The task – All records below are to be set down precisely as written, excluding pictures.

Material for this task –
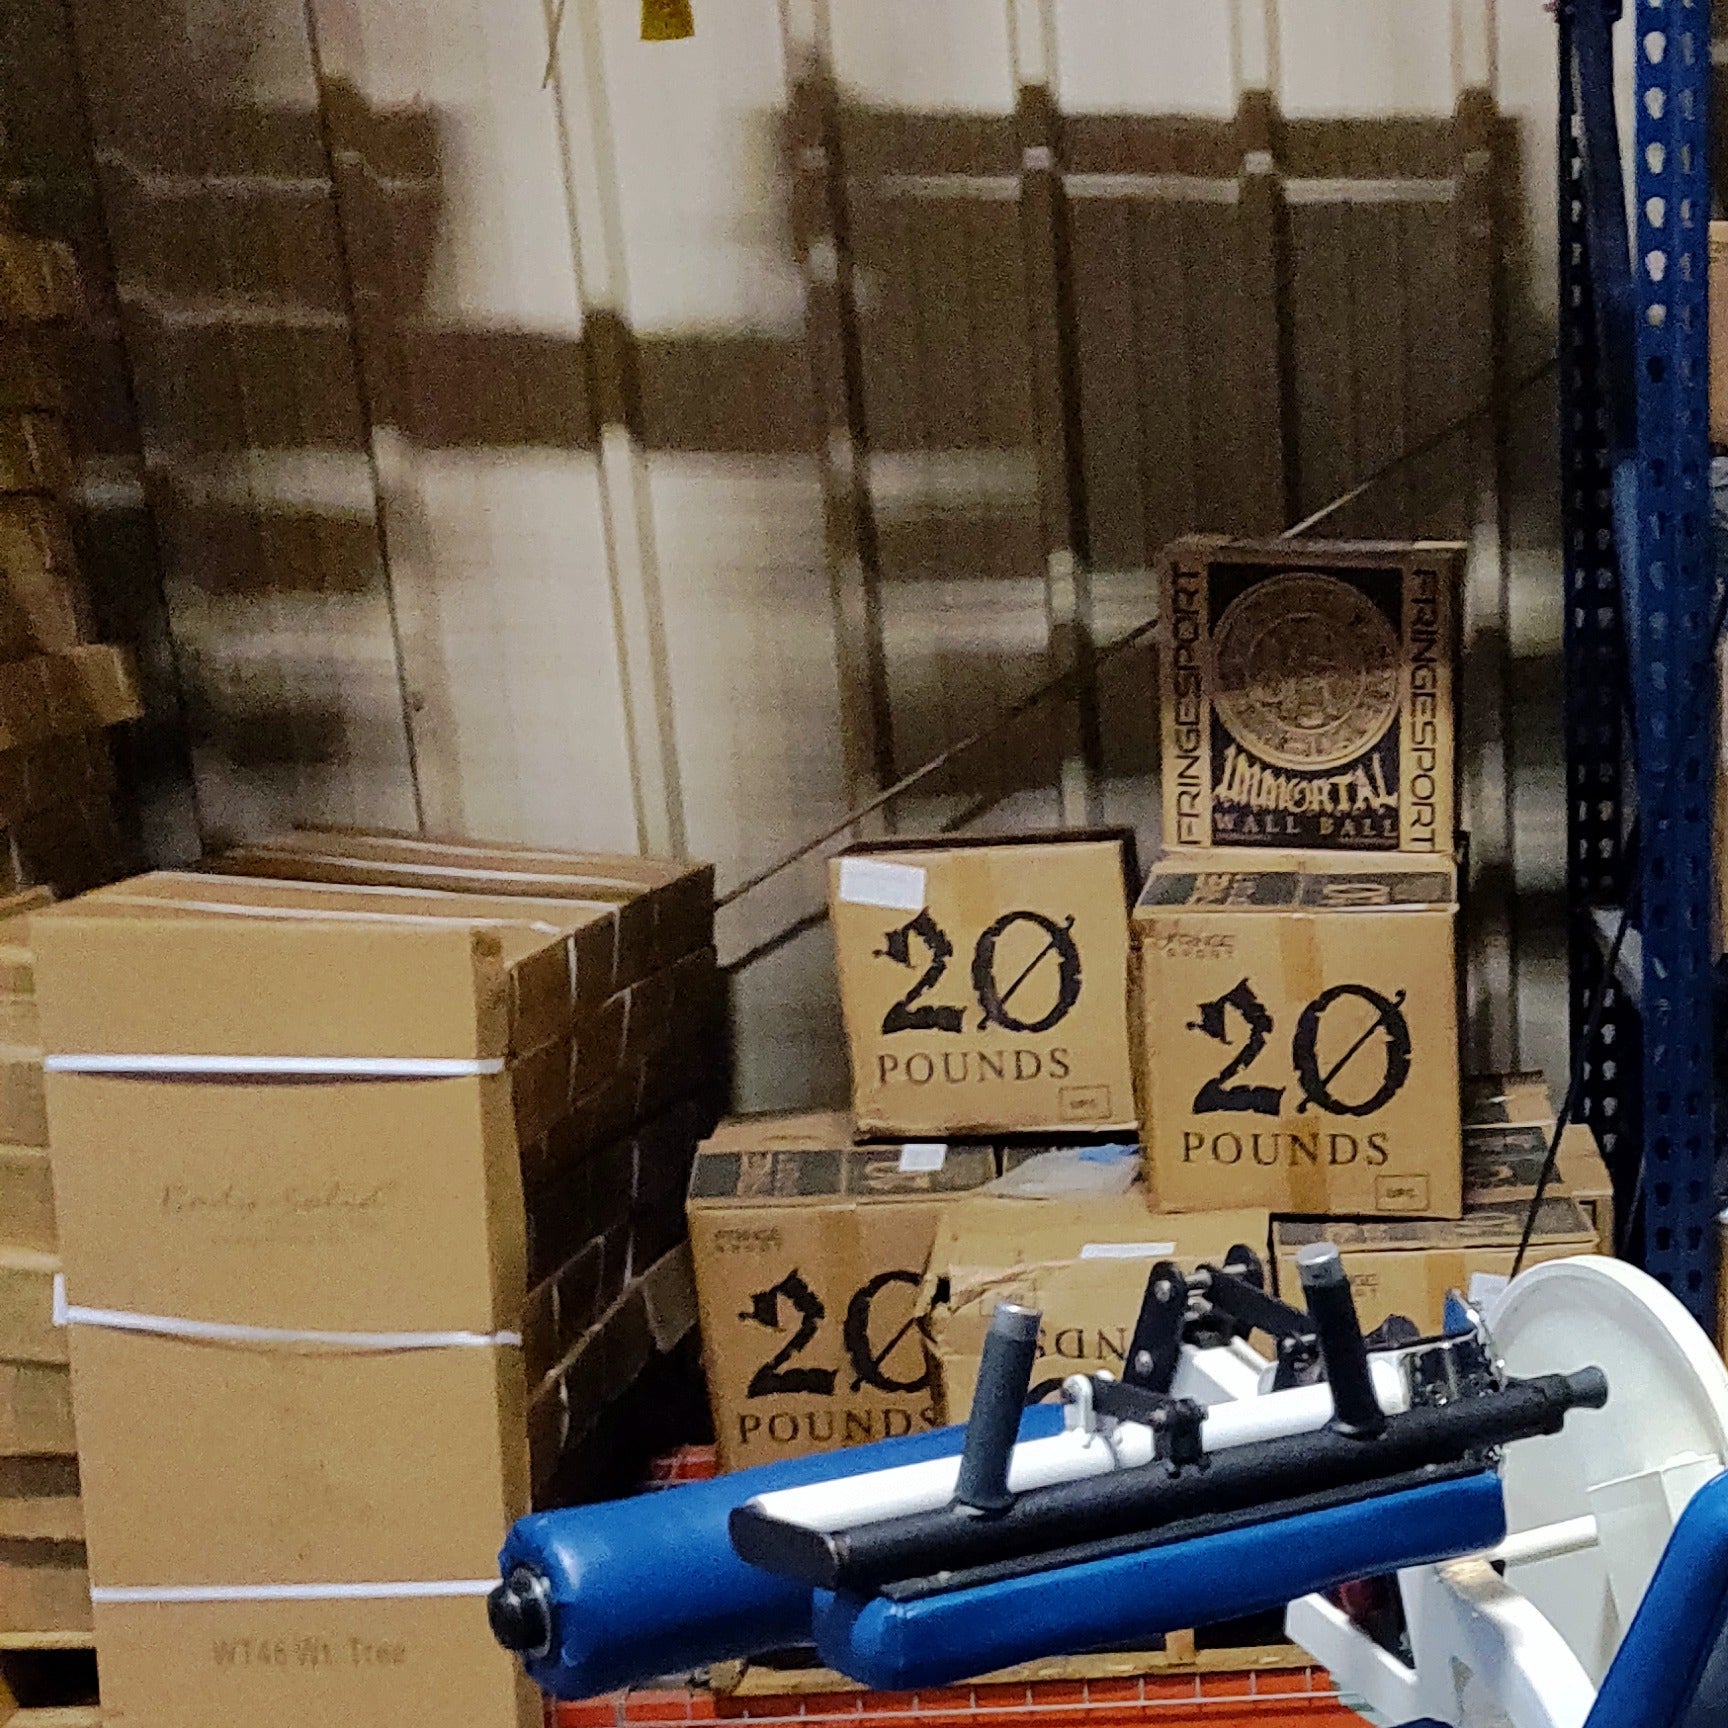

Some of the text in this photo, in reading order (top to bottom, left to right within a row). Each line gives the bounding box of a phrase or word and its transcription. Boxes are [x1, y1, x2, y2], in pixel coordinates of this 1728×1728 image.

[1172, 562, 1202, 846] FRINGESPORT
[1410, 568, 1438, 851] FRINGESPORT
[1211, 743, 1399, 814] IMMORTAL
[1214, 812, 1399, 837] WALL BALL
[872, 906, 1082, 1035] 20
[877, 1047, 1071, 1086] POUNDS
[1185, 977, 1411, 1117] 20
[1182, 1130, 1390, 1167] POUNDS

Exercise output –
Some of the text in this photo, in reading order (top to bottom, left to right within a row). Each line gives the bounding box of a phrase or word and its transcription. Boxes are [x1, y1, x2, y2], in pixel coordinates of this 1728×1728 image.

[1172, 562, 1202, 846] FRINGESPORT
[1410, 568, 1438, 851] FRINGESPORT
[1211, 743, 1399, 814] IMMORTAL
[1214, 812, 1399, 837] WALL BALL
[872, 906, 1082, 1035] 20
[877, 1047, 1071, 1086] POUNDS
[1185, 977, 1411, 1117] 20
[1182, 1130, 1390, 1167] POUNDS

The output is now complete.